The one-child policy also encouraged the emergence of what is known as Little Emperor Syndrome. Little Emperors are the millions of young people who were only children and were therefore spoilt by the lavish attention of doting parents and the absence of sibling rivalry. Whether or not he was pampered, Xi Jinping belongs to this privileged elite in a society that does not allow unmarried couples and single parents to have children. A mother of one who insisted on having a second child because she and her husband felt their son needed company is still fighting a fine of the equivalent of ₤40,000. Refusal to pay will make a non-person of the second child, a girl. Her name will not be registered in the official records, and she will not be able to have hospital treatment, travel by train, use a library or any other facility that demands the production of an identity card. A non-person or un-person doesn’t exist officially.

The new relaxation was announced in late October, at the end of a four-day closed door meeting of the Chinese Communist Party’s top brass. It was part of the strategy for growth during the 2016-2020 five-year plan. According to observers, CCTV, the state-run broadcasting network with 100 million viewers, played down the news. Clearly, Beijing does not want either the domestic audience or the outside world to expect spectacular change.

This is probably a wise course, and shows the leadership hasn’t forgotten the disappointing outcome of the 2013 relaxation. China has had a surfeit of boastful slogans that either didn’t yield dividend or were actually counter-productive. The one-child norm has become so much the accepted pattern that it is not easy to think of the regimented Chinese easily abandoning it. The Chinese have also become addicted to material comforts since Deng’s time, and not many parents may be willing to sacrifice the time and resources needed to bring up a second child. Satisfaction can lead to selfishness, especially since the Chinese no longer have the cultural urge to yearn for sons. In Shanghai, for instance, only about 30 per cent of young parents are expected to exercise their option in favour of a second child.

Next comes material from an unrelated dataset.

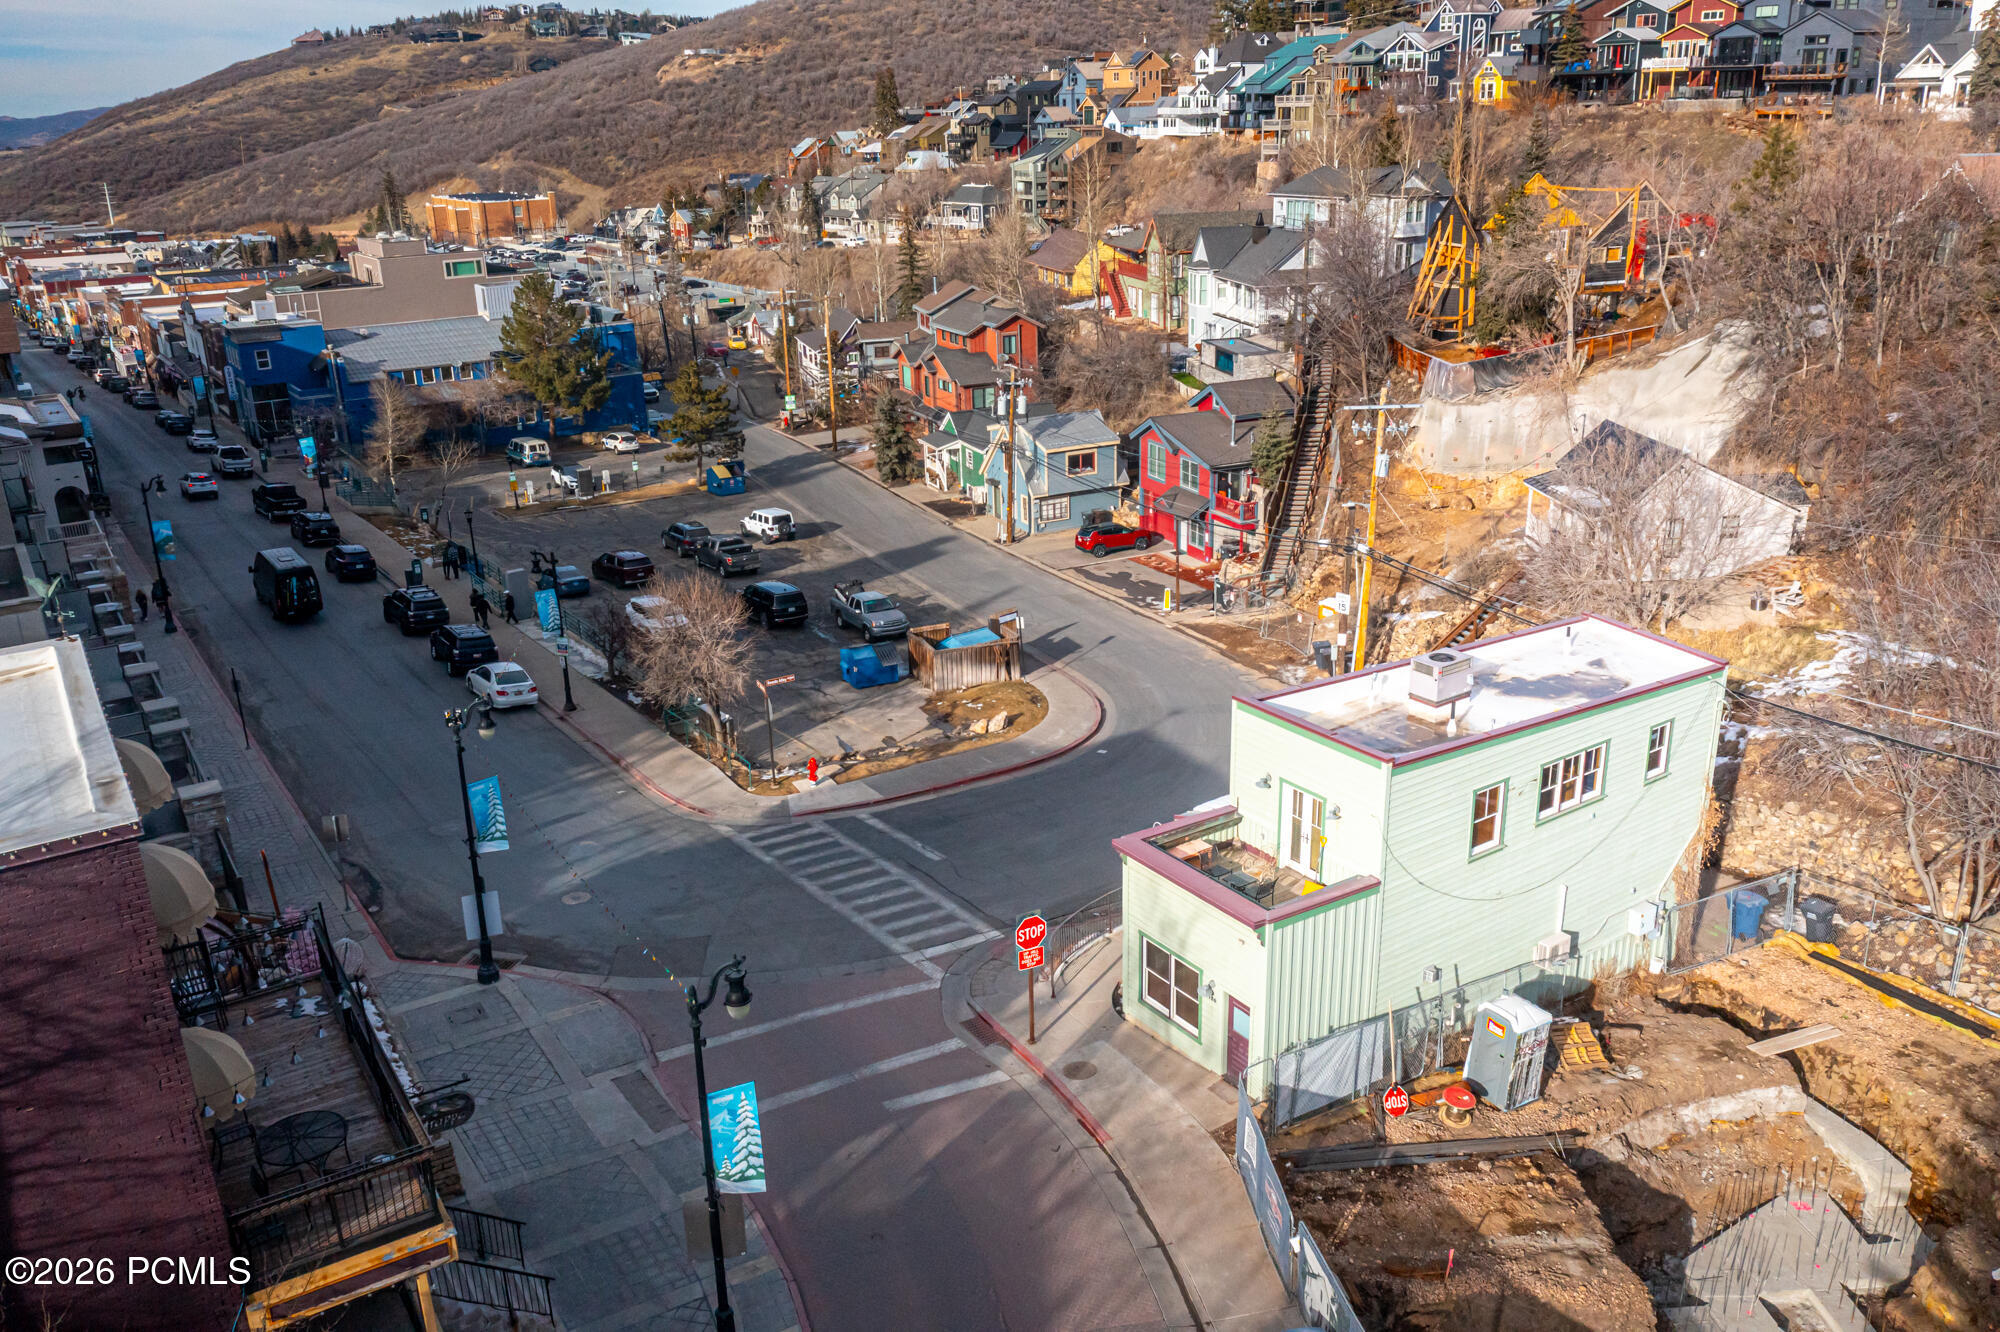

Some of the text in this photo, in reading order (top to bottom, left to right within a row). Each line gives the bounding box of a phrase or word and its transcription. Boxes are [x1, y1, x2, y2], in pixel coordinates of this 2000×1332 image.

[1338, 602, 1347, 612] 15
[1018, 924, 1044, 942] STOP
[1386, 1095, 1407, 1109] STOP

According to independent Chinese demographers, the new move will produce a maximum of three million annual births which is not enough to make a great difference to the current prediction that China’s population, which now stands at 1.3 billion, will reach a peak of just under 1.5 billion in 2030 or 3035. Some even argue that social and economic factors would have combined to bring fertility rates down to the present level even without the harshly enforced one-child norm. But it may not have happened as quickly.

What seems more or less certain now, according to the experts, is that the latest reform will not succeed in the short term in raising China’s fertility rate to 1.8 children per woman. That is what the government wants, against the present rate of about 1.5. To that extent there can be no quick or easy solution to the problem of a depleting labour force. That’s a danger India doesn’t face but the pressure on all our public services does stress the need to reduce numbers. At the same time, China’s experience reminds us there is no alternative to a humane process of education and persuasion that convinces people it is in their own interest to have fewer children.